⟨

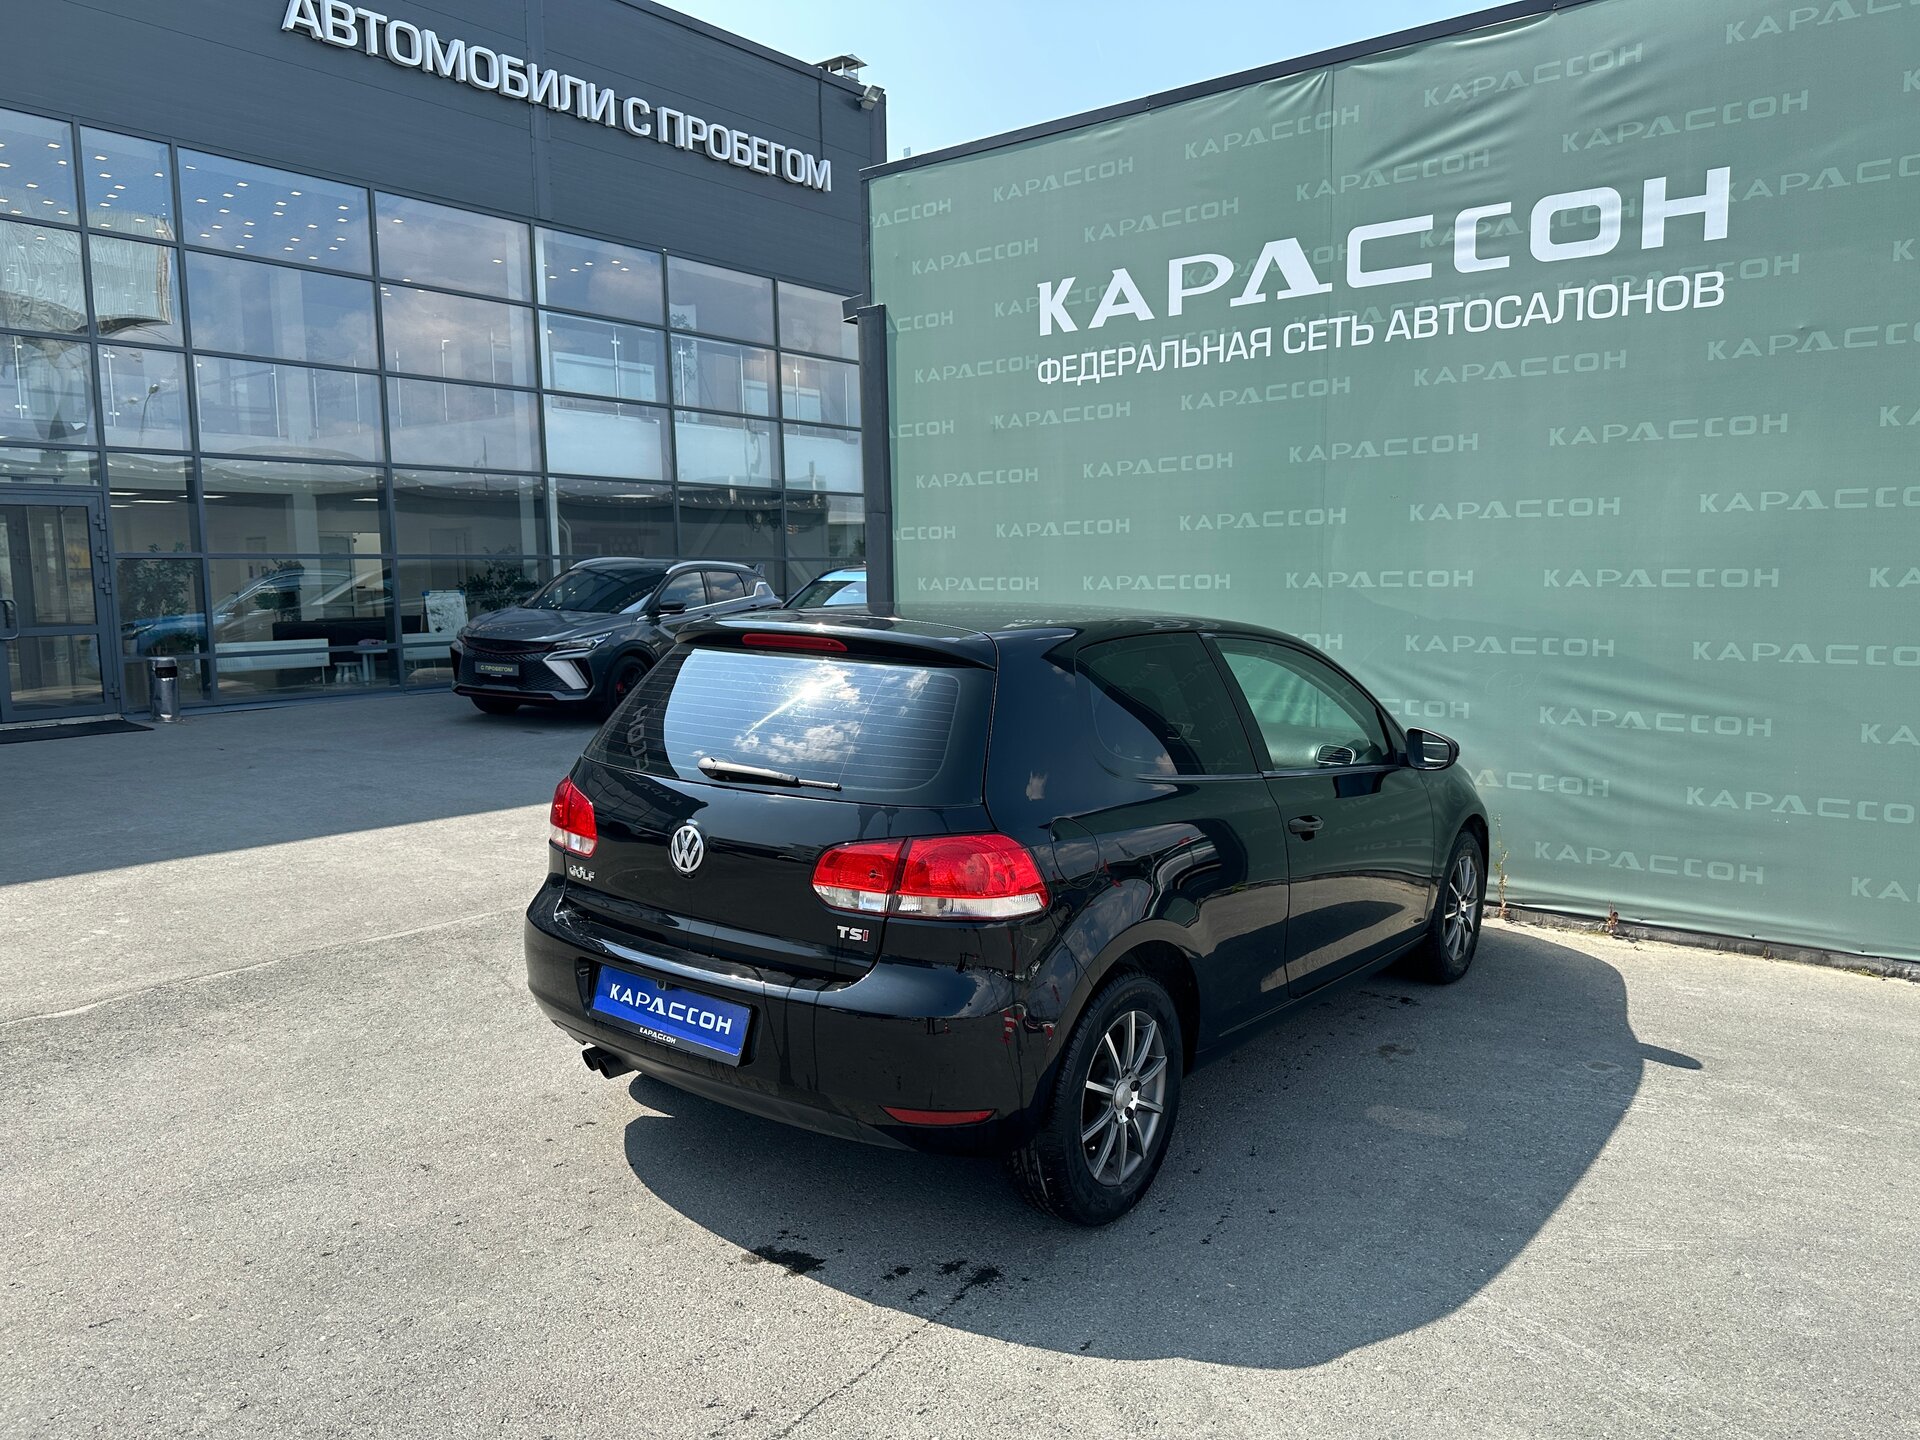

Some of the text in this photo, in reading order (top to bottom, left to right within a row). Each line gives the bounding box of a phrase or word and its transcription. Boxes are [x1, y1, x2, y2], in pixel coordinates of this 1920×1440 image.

[281, 0, 832, 192] АВТОМОБИЛИ С ПРОБЕГОМ
[1037, 166, 1730, 337] КАРАССОН
[1037, 271, 1726, 386] ФЕДЕРАЛЬНАЯ СЕТЬ АВТОСАЛОНОВ
[569, 864, 595, 881] GOLF
[609, 983, 733, 1035] КАРАССОН
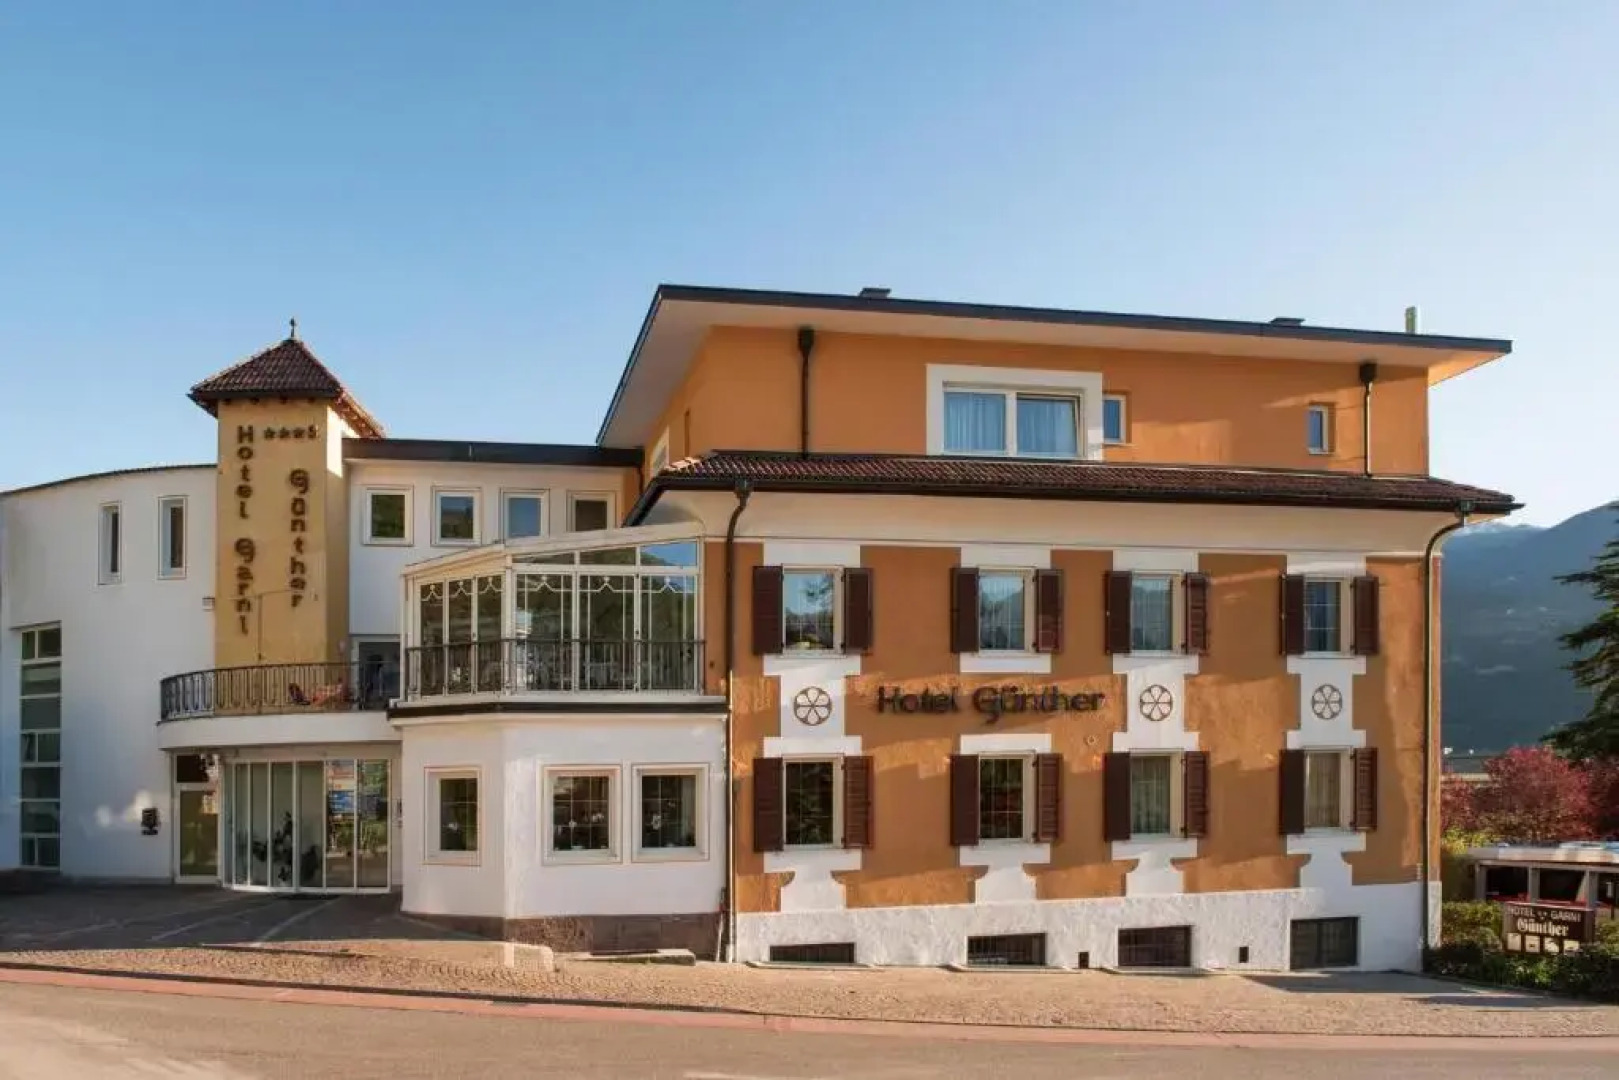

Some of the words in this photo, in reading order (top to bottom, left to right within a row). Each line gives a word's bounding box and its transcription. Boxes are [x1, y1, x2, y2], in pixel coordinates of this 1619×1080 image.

[236, 425, 254, 519] Hotel
[877, 685, 959, 714] Hotel
[971, 685, 1105, 724] Günther
[1506, 904, 1534, 917] HOTEL
[1550, 909, 1581, 922] GARNI

⟩

WHAT IS EXPECTED →
Give back every entry in its exact wording, leaving the pictures out.

SOLUTION TO THIS PROBLEM →
Some of the text in this photo, in reading order (top to bottom, left to right within a row). Each line gives the bounding box of a phrase or word and its transcription. Boxes are [x1, y1, x2, y2], in pixel coordinates of this 1920×1440 image.

[281, 0, 832, 192] АВТОМОБИЛИ С ПРОБЕГОМ
[1037, 166, 1730, 337] КАРАССОН
[1037, 271, 1726, 386] ФЕДЕРАЛЬНАЯ СЕТЬ АВТОСАЛОНОВ
[569, 864, 595, 881] GOLF
[609, 983, 733, 1035] КАРАССОН

Some of the words in this photo, in reading order (top to bottom, left to right within a row). Each line gives a word's bounding box and its transcription. Boxes are [x1, y1, x2, y2], in pixel coordinates of this 1619×1080 image.

[236, 425, 254, 519] Hotel
[877, 685, 959, 714] Hotel
[971, 685, 1105, 724] Günther
[1506, 904, 1534, 917] HOTEL
[1550, 909, 1581, 922] GARNI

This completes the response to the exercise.